C’est avec deux autres danseurs que j’ai côtoyés et qui m’accompagnent dans divers autres projets, que je voudrais entamer cette démarche avec le lien évident qui est notre capacité respective à plier nos corps, à créer du vide, à sculpter, à se contraindre. Il m’a semblé pertinent de nous rassembler sous l’intuition d’une danse à construire, d’un matière à ciseler. Nous élaborerions un espace commun pour créer un processus, consolider des outils et en reformer d’autres, en inventer par rapport au besoin de l’espace à investir ; à solutionner une danse. Il n’y a pas de corps au dessus de l’autre, aucun ne peux supporter le poids de l’autre ou le prétendre. De ce fait il serait question de s’immiscer, de dévier, de détourner les corps en contact. La capacité à se tordre interrogera d’une certaine manière nos limites en tant qu’être humain dans sa propre condition, et dans ces décisions.
L’envie première serait de fabriquer le socle de cette danse, de pouvoir rendre ces mouvements apparents. Quelles sont les images qui feront office d’armature à cette danse, qui épingleraient des gestes dans le temps, et qui permettrait aux spectateurs de s’approprier cet univers et de raconter sa propre histoire. » Bruce chiefare

Bruce Chiefare commence la danse par les compétitions de breakdance en 1997, et devient rapidement l’emblème de sa région. Son talent remporte d’importante compétition comme les championnats de France en 2001, ou encore les championnat du monde à Londres en 2004, et divers titres tout aussi spectaculaire. Il est est amené a représenter la France dans des événements internationaux, en Corée du sud, Los Angeles, Holland, Japon, Tahiti, Espagne…
Il évolue ensuite dans l’univers de la création, ou sa gestuelle s’épanouit complètement. Il est interprété pour des compagnies divers comme Ethadam, Traffic de style, Régis Obadia, Kafig (CCN de Créteil) sur le projet franco-taiwanais intitulé Yo gee ti, Art terre, Art Move Concept, S’poart.
Aujourd’hui il est danseur pour la compagnie Accrorap (CCN de la Rochelle) de Kader
Attou, pour plusieurs de ses pièces, ou il se produit en Asie, New York, Bielorussie, Allemagne, République Tchèque…
Sa notoriété lui permet d’intégrer des collectifs tel que Freemindz ou Wanted Posse. Il fait part de son expérience dans des master classe et en étant jury dans des compétitions de Breakdance.

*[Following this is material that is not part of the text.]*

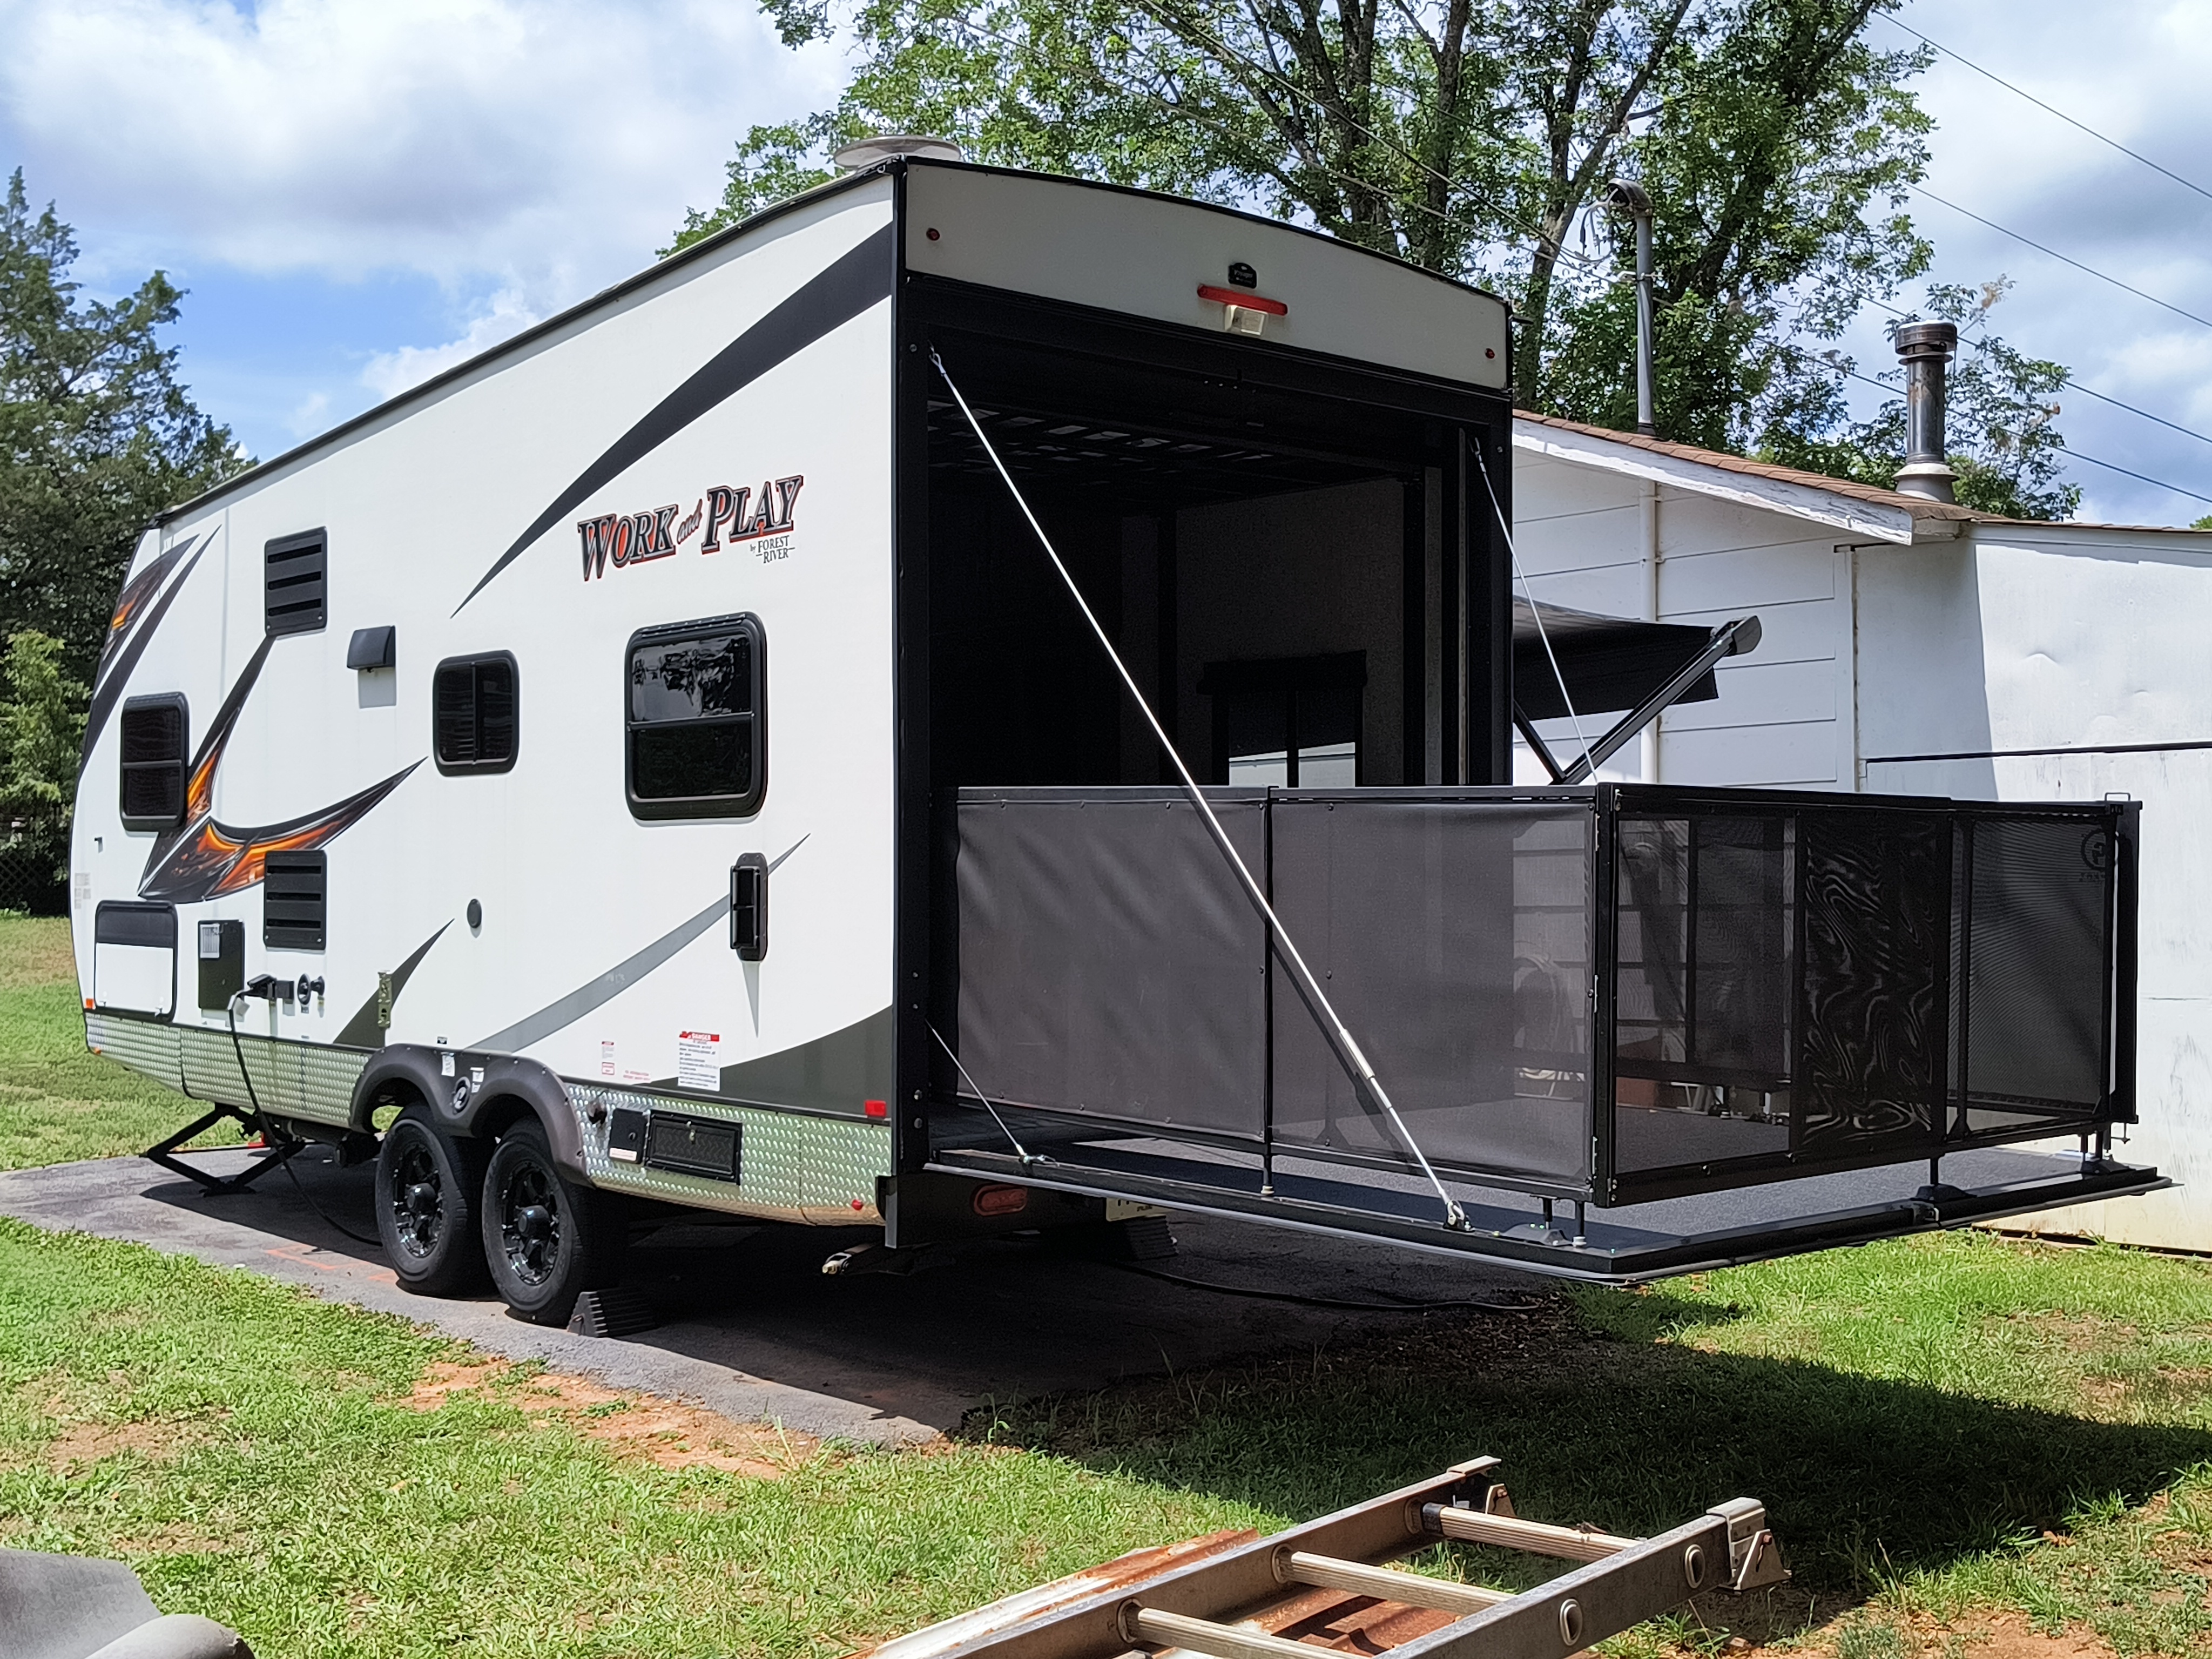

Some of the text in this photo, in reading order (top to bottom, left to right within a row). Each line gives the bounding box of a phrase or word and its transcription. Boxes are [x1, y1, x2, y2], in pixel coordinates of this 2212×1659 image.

[577, 475, 804, 582] WORK and PLAY
[758, 535, 790, 553] FOREST
[763, 548, 789, 564] RIVER

Chorégraphe : Bruce Chiefare
Interprètes : Nao Tozawa, Mabrouk Gouicem, Bruce Chiefare
Création musicale : en cours
Création Lumière : en cours
Costumes : en cours
© Barbara Mai
www.cie-flowcus.com

Production : compagnie Flowcus
Coproduction : Initiatives d’Artistes en Danses Urbaines – Fondation de France/La Villette – Paris, L’Intervalle/Scène de territoire danse – Noyal sur Vilaine, L’Hermine – Sarzeau, Danse à tous les étages

En résidence au CCN
du 23 au 27 juin

sortie de résidence vendredi 27 juin
Chapelle Fromentin

Dans le cadre de l’accueil studio,
la compagnie bénéficie d’une résidence et d’une coproduction.